Wie Anleger handeln sollten
Laut Aleš Lokar sollten Anleger vor allem besonnen agieren. Sie sollten nicht davon ausgehen, die besten Titel zuverlässig identifizieren zu können, da politische Entscheidungen Kursentwicklungen schnell verändern. Eine breite Mischung aus Aktien, Rohstoffen, Immobilien und weiteren Sachwerten kann helfen, Kaufkraftverluste abzufedern.
Volf empfiehlt in dieser Marktphase eine sorgfältige Titelauswahl und aktives Portfoliomanagement. Anleger sollten ihr Vermögen so strukturieren, dass Rendite und Risiko im Einklang mit ihrem finanziellen Profil bleiben. Nach starken Anstiegen könne eine Umschichtung in defensivere Anlagen sinnvoll sein, während größere Rückgänge genutzt werden könnten, um den Aktienanteil zu erhöhen.
Kozole mahnt, die jüngsten Rückgänge gelassen zu betrachten. Kurzfristige Schwankungen änderten wenig am langfristigen Trend und sollten Anleger nicht zu übereilten Entscheidungen verleiten.

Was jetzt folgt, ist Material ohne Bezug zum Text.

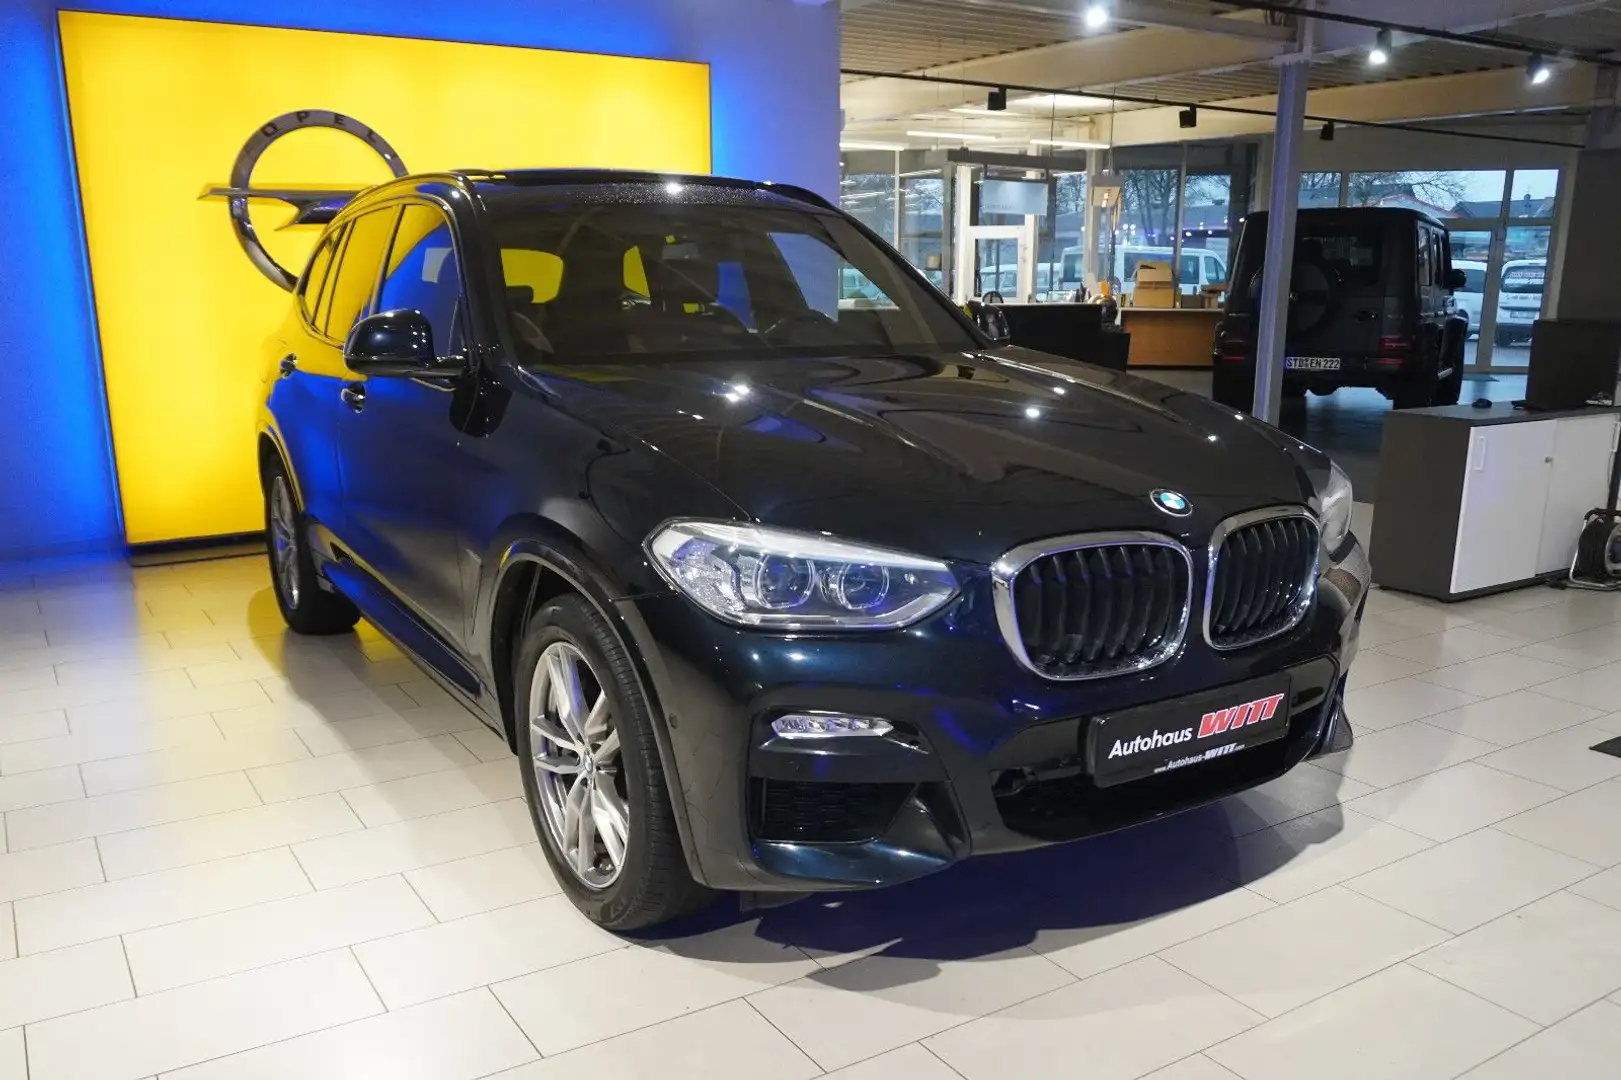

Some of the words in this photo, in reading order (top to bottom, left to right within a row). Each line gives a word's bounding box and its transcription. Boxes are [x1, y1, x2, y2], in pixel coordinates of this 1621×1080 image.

Marktentwicklung und Bedeutung für Deutschland
Für Deutschland zeigt sich, dass heimische Anleger stärker auf internationale Entwicklungen achten müssen. Globale Liquidität, technologische Trends und geopolitische Risiken beeinflussen zunehmend auch deutsche Vermögenswerte. Unternehmen und Sparer sollten ihre Strategien daher enger mit globalen Marktzyklen abstimmen.